WHAT THE TASK REQUIRES:
I'd like the data beneath this line reproduced exactly, without any of its images.

INPUT DATA:

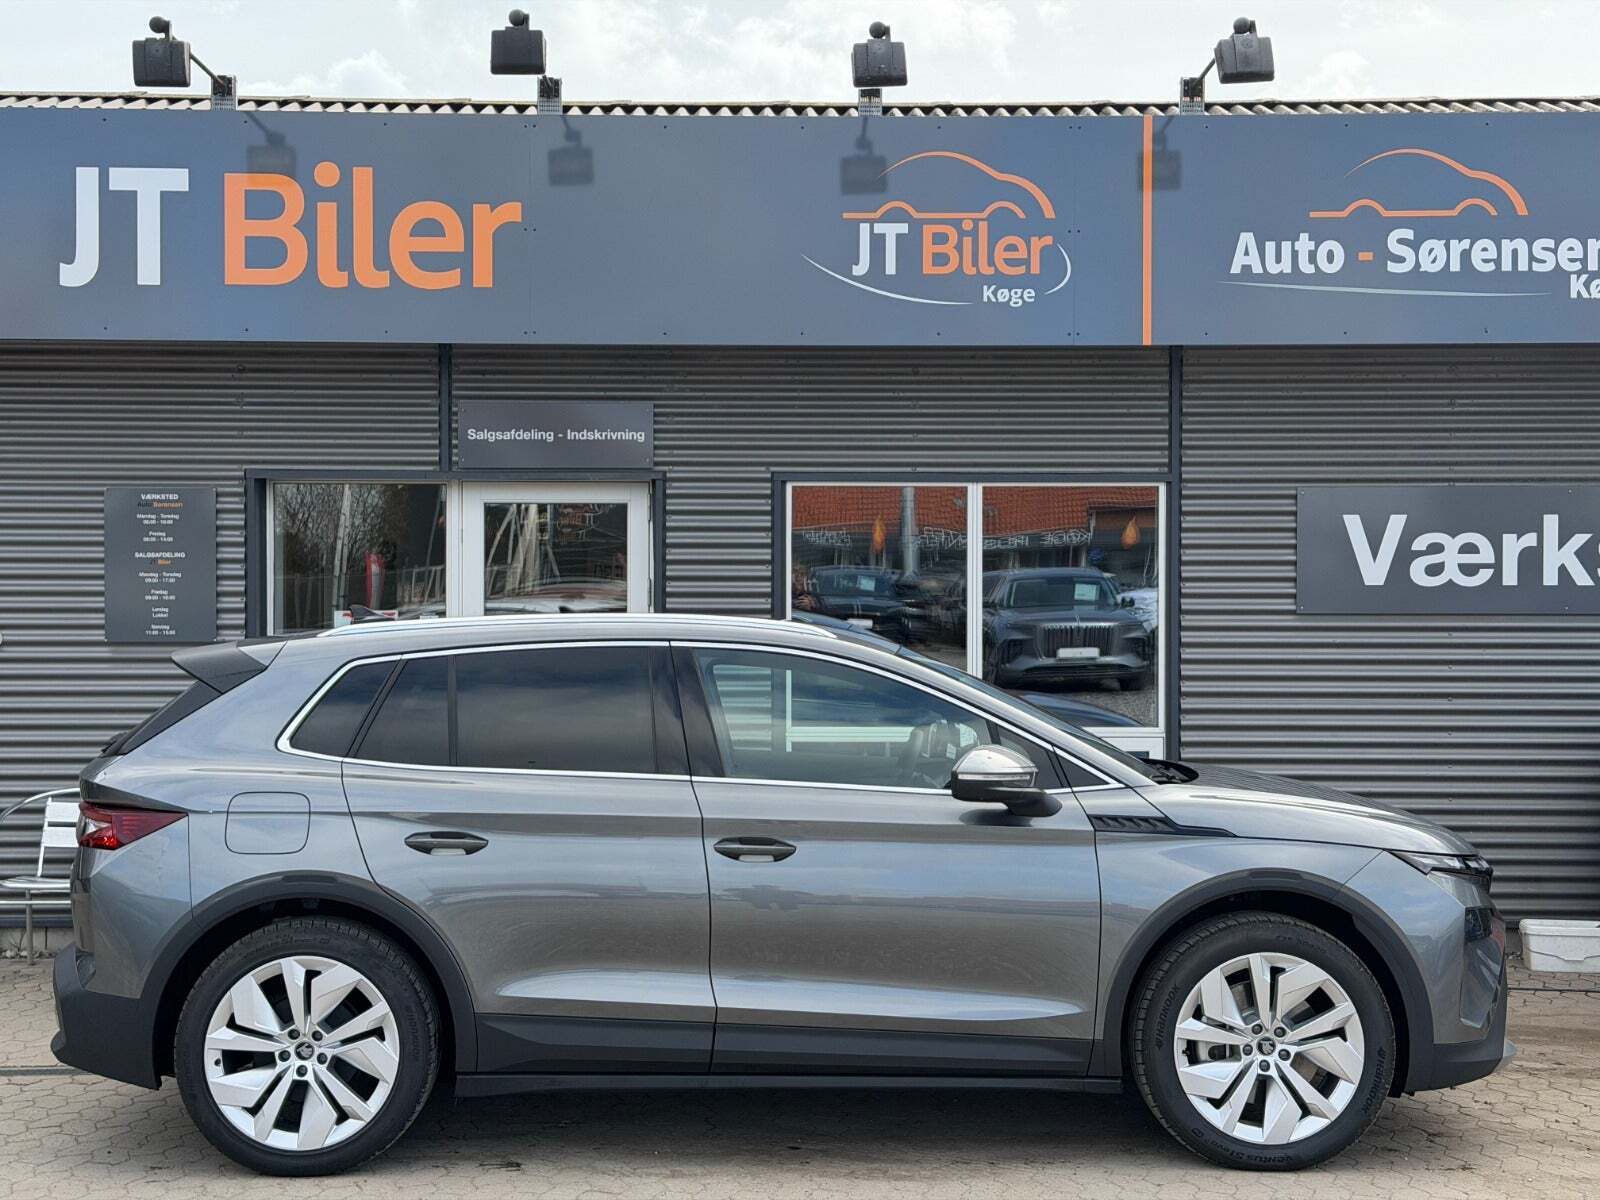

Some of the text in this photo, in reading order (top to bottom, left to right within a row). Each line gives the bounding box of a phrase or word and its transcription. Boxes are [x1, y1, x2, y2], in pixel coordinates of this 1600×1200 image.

[59, 161, 522, 290] JT Biler
[852, 219, 1053, 276] JT Biler
[1229, 231, 1345, 274] Auto
[982, 285, 1036, 307] Køge
[467, 428, 554, 442] Salgsafdeling
[567, 428, 645, 442] Indskrivning
[1343, 514, 1600, 587] Værk

RESULT BELOW:
Some of the text in this photo, in reading order (top to bottom, left to right within a row). Each line gives the bounding box of a phrase or word and its transcription. Boxes are [x1, y1, x2, y2], in pixel coordinates of this 1600×1200 image.

[59, 161, 522, 290] JT Biler
[852, 219, 1053, 276] JT Biler
[1229, 231, 1345, 274] Auto
[982, 285, 1036, 307] Køge
[467, 428, 554, 442] Salgsafdeling
[567, 428, 645, 442] Indskrivning
[1343, 514, 1600, 587] Værk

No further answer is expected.